The British media, for example, and especially fashion editors, are currently weathering a storm of protest in which they are blamed for the rising numbers of young women succumbing to various eating disorders. The British government, too, has joined the chorus of voices accusing the media of fostering the illusion that a slim figure is ideal, and that whoever fails to conform to that ideal doesn’t look good. In June 2000, in fact, the British government announced that a special follow-up team would determine whether the media had mended its ways and started using average or even full-figured females.







The feminine beauty ideal in a male-dominated culture


The female body and hence the feminine essence, have traditionally existed as putty in the hands of society’s male-dominated outlook. Throughout human history, that putty has been prodded, kneaded, refashioned, repressed and adapted to fit the shifting perceptions and requirements of masculine culture. Such cultural manipulation by the arbiters of public opinion has spared the male body, while extending long, prying fingers to reorganize and, mainly, to repress, the female body. Culture has always striven to prove that women’s brainpower is inferior to men’s, but that their bodies merit proactive attention.

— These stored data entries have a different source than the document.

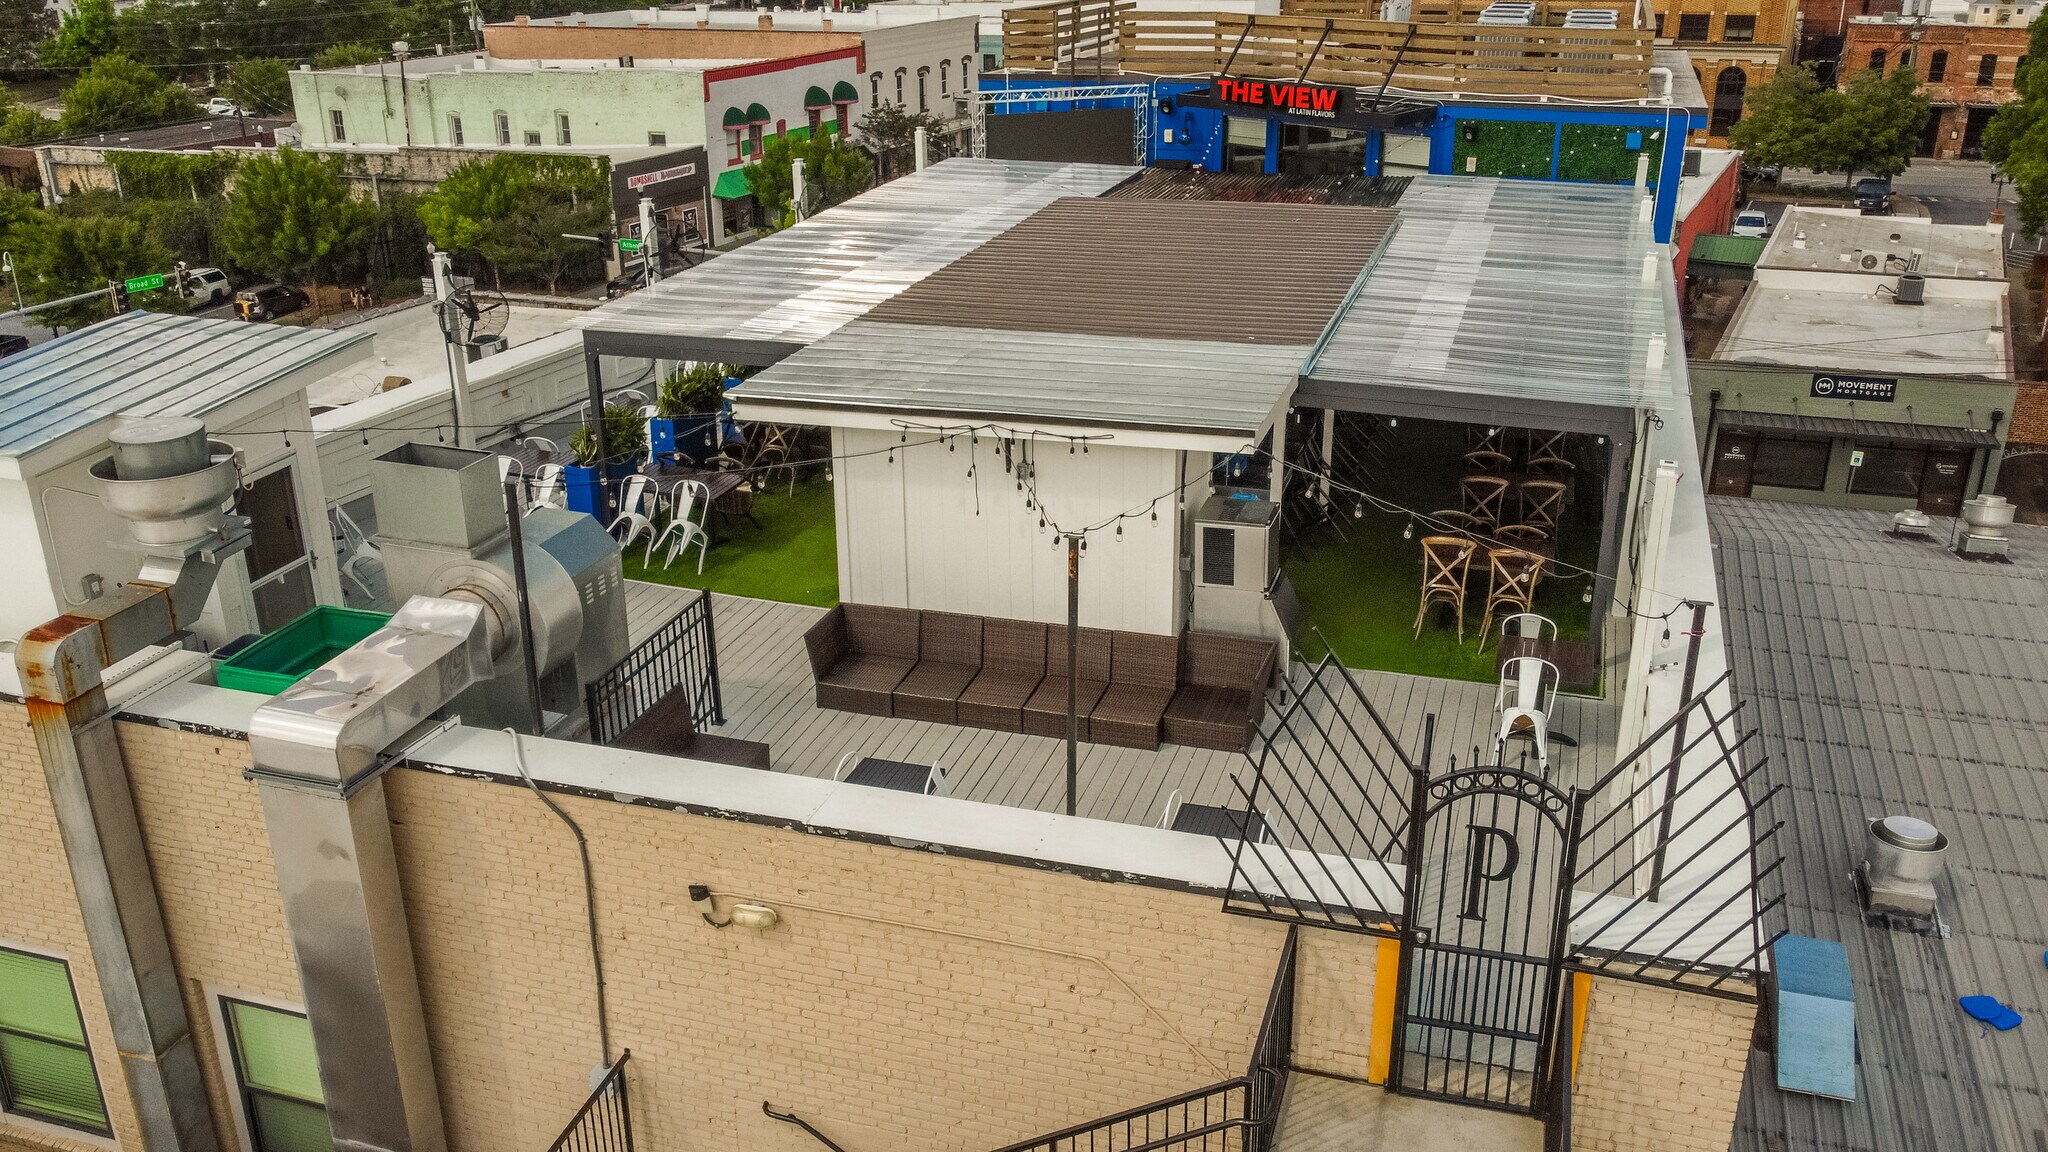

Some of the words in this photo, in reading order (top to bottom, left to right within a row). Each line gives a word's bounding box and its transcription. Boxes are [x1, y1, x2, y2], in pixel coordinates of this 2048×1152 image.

[1218, 80, 1264, 104] THE
[1270, 84, 1337, 111] VIEW
[1296, 108, 1311, 116] LATIN
[1312, 109, 1336, 118] FLAVORS
[128, 280, 148, 289] Broad
[1837, 381, 1893, 391] MOVEMENT
[1837, 389, 1892, 397] MORTGAGE
[1456, 824, 1520, 921] P
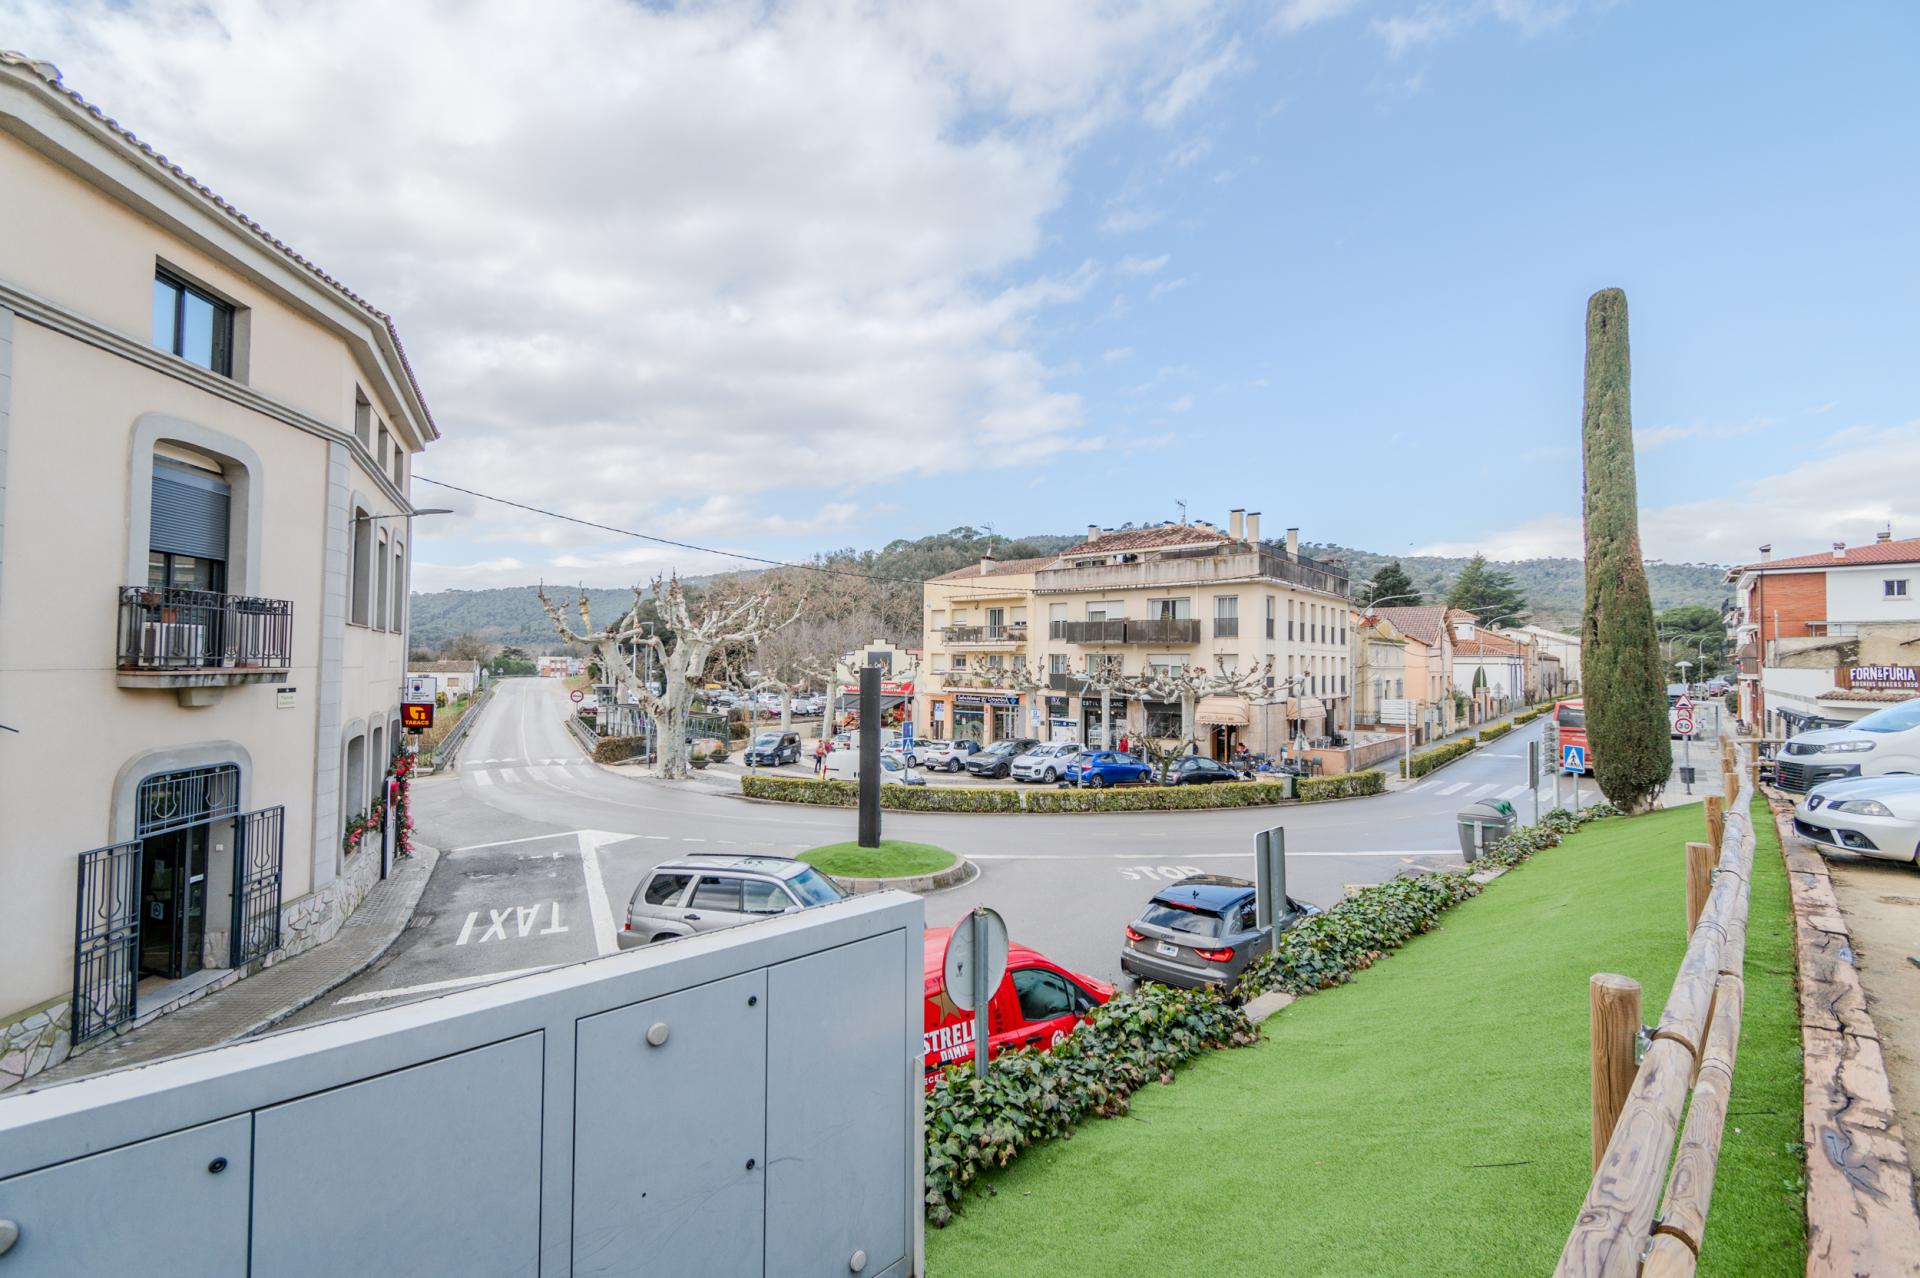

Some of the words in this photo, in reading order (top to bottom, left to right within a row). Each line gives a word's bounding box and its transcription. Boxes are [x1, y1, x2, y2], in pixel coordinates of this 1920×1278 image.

[1678, 722, 1690, 730] 30
[455, 901, 569, 946] TAXI
[923, 1019, 977, 1056] STRELL
[940, 1044, 969, 1062] DAMM

And attention has, in fact, been lavished upon woman’s body, from every possible angle. Public opinion-shapers (principally the media) have expropriated the female body from its natural owners, transforming it into a symbol that society has shaped as it pleased.





The American writer Bram Dicastra, author of The Idols of Distortion, says we are mistaken if we think that toward the end of the second millennium we have liberated the female body from its shackles. The female body, says Dicastra, is just as oppressed and shackled as it was in the nineteenth century, with just one difference: the shackles, no longer external to the woman, are now within her. In the nineteenth century, the female body was suffocatingly trapped inside a tight (man-designed) corset. Constricted and hobbled by their corset strings, and thus unable to move freely, women became disabled and passive. And the more passive they became, the greater the purity ascribed to them by men’s warped perception. To be active means to become a part of what is basically a man’s world. The corset, therefore, was a means of sending women a stop signal – “so far and no further!” – you are incapacitated and passive, and therefore not free to play any role in the world of action “like us men”.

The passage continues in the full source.